Every evening, Claire Throssell used to pop her head round the door of her young sons’ bedrooms to check they were OK, before heading to bed herself. She still does this today, even though Jack and Paul’s bedrooms have been empty for over 10 years. ‘Rather than saying goodnight, I sit on their beds and cry,’ she tells me.
In October 2014, on a family court-ordered visit to see their father – Claire’s abusive ex-partner – the boys were lured to his attic with sweets. He then locked all the doors, placed mattresses and chairs behind them to slow down firefighters, and set fire to the house. Jack was 12, and Paul was nine. All three died.

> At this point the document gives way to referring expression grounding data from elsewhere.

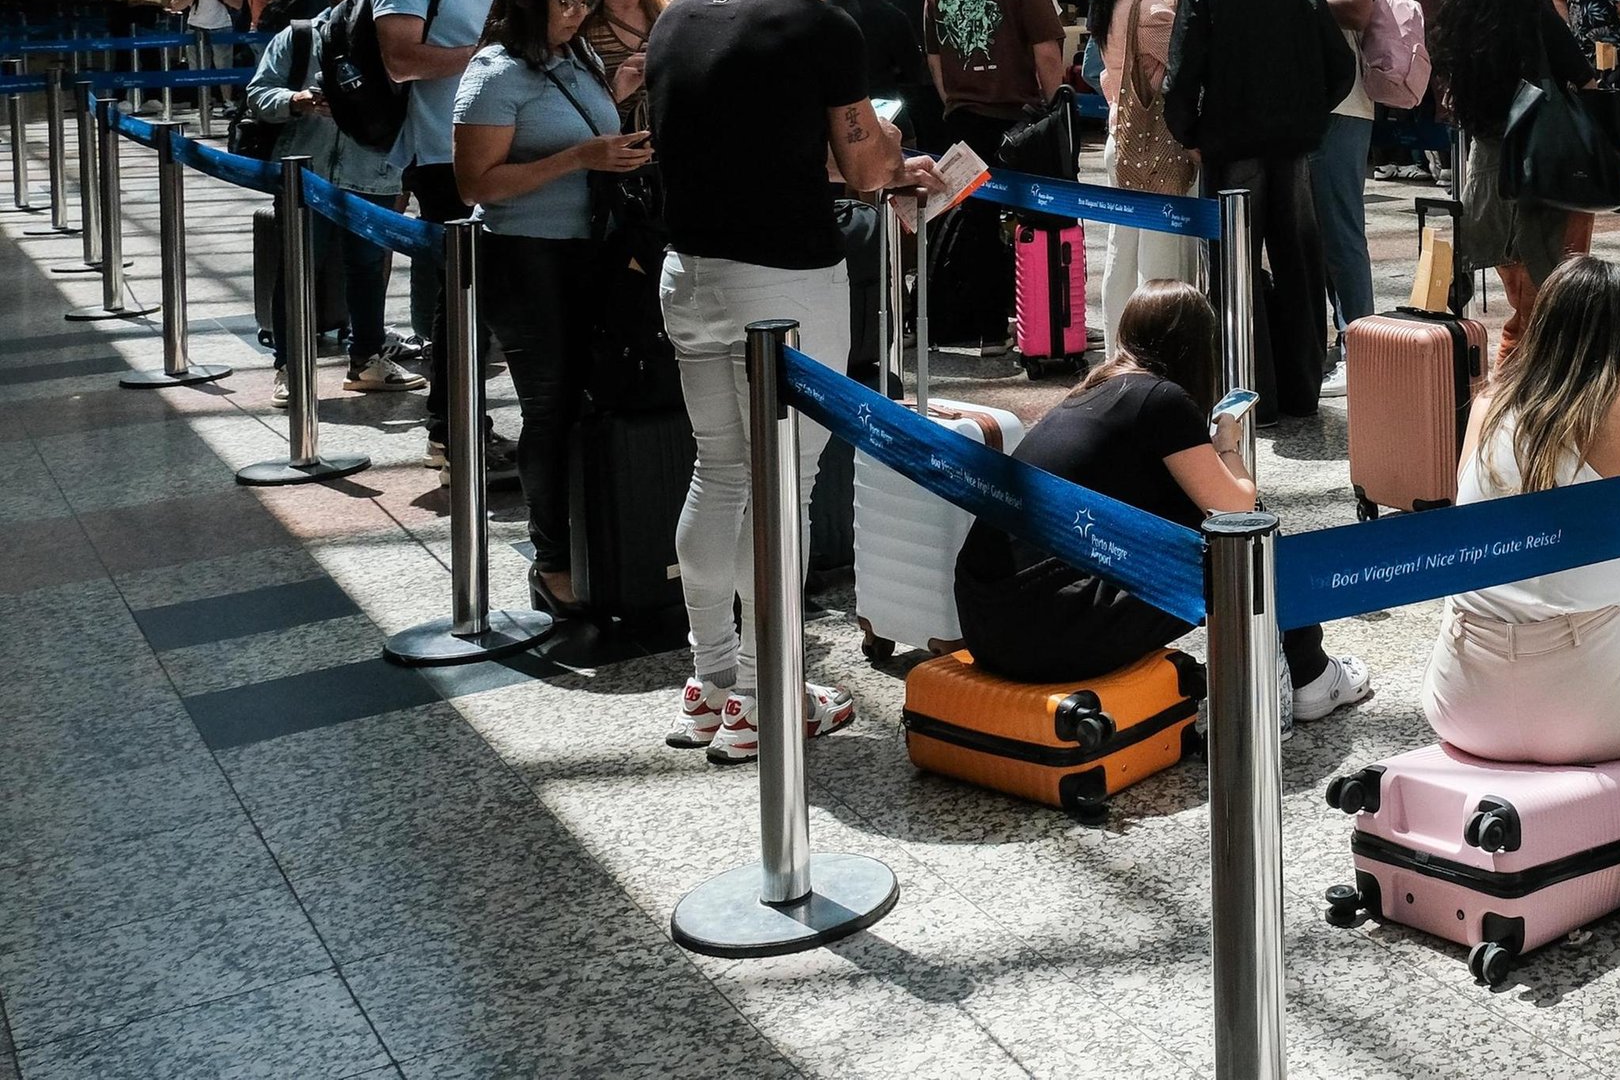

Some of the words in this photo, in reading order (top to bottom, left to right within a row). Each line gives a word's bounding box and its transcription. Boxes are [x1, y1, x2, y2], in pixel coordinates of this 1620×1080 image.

[1092, 534, 1108, 550] Porto
[1108, 541, 1128, 560] Alegre
[1331, 572, 1359, 588] Boa
[1364, 560, 1422, 584] Viagem!
[1426, 553, 1455, 571] Nice
[1459, 546, 1488, 567] Trip!
[1492, 538, 1522, 558] Gute
[1526, 529, 1562, 548] Reise!

‘When a policeman knocked on my door that day, I knew,’ says Claire. ‘The first thing I said was, “What’s he done to them?”’
After an abusive marriage, where she was pushed down the stairs and had chairs thrown at her head, Claire left taking the boys with her. They hadn’t wanted to see their father, who they had seen hit their mother, made them eat food they didn’t like until they were sick, and called them cry babies. They clung tearfully to Claire’s legs ahead of the visits he was granted by a family court, despite his abuse. ‘As a parent you know you’re sending them into danger and my stomach clenched all the way through those visits,’ she says.
‘It was presumption of contact at its worst. And an example of how children are put in danger every day by family courts, who automatically assume it’s in a child’s best interests to have contact with both parents. It’s a national scandal, and it needs to change.’
Earlier this summer, the charity Women’s Aid (of which Claire is an ambassador) published its Nineteen More Child Homicides Report – 19 children who have been killed in the last nine years, by a parent who is a perpetrator of domestic abuse, through child contact.
‘Currently, the rights of a parent to have access to a child takes priority over a child’s safety, and it’s damaging and dangerous,’ says Isabelle Younane from Women’s Aid. ‘This pro-contact culture needs to be challenged, because it’s causing the death and injury of children, as well as long term trauma. The law now sees children as victims of domestic abuse in their own right, and yet family courts still prioritise a parent’s right to access. We want to see this repealed by the Government as a matter of urgency, which we’re hoping they’ll do in the coming months.’
Isabelle says she also hopes for an Ofsted-style body to hold family courts to account, as well as more training for family judges in domestic abuse. ‘Another huge issue in family courts is the accusation of parental alienation, which is when a parent is accused of actively trying to alienate a child from the other parent.’
A recent survey by Channel 4’s Dispatches found allegations of alienation are five times higher in cases of domestic abuse. ‘It’s often a counter allegation in domestic abuse cases, but it has no grounding in fact,’ say Isabelle, who says that children are also weaponised by abusers in custody battles.
Claire agrees: ‘My ex knew the best way to punish me was to take the lives of my boys, and the court let it happen. Perpetrators often come across as charming, while the women accusing them look scared or hysterical, but that’s the fight or flight response coming out. The courts get sucked in by the charm and don’t see the monster behind it.’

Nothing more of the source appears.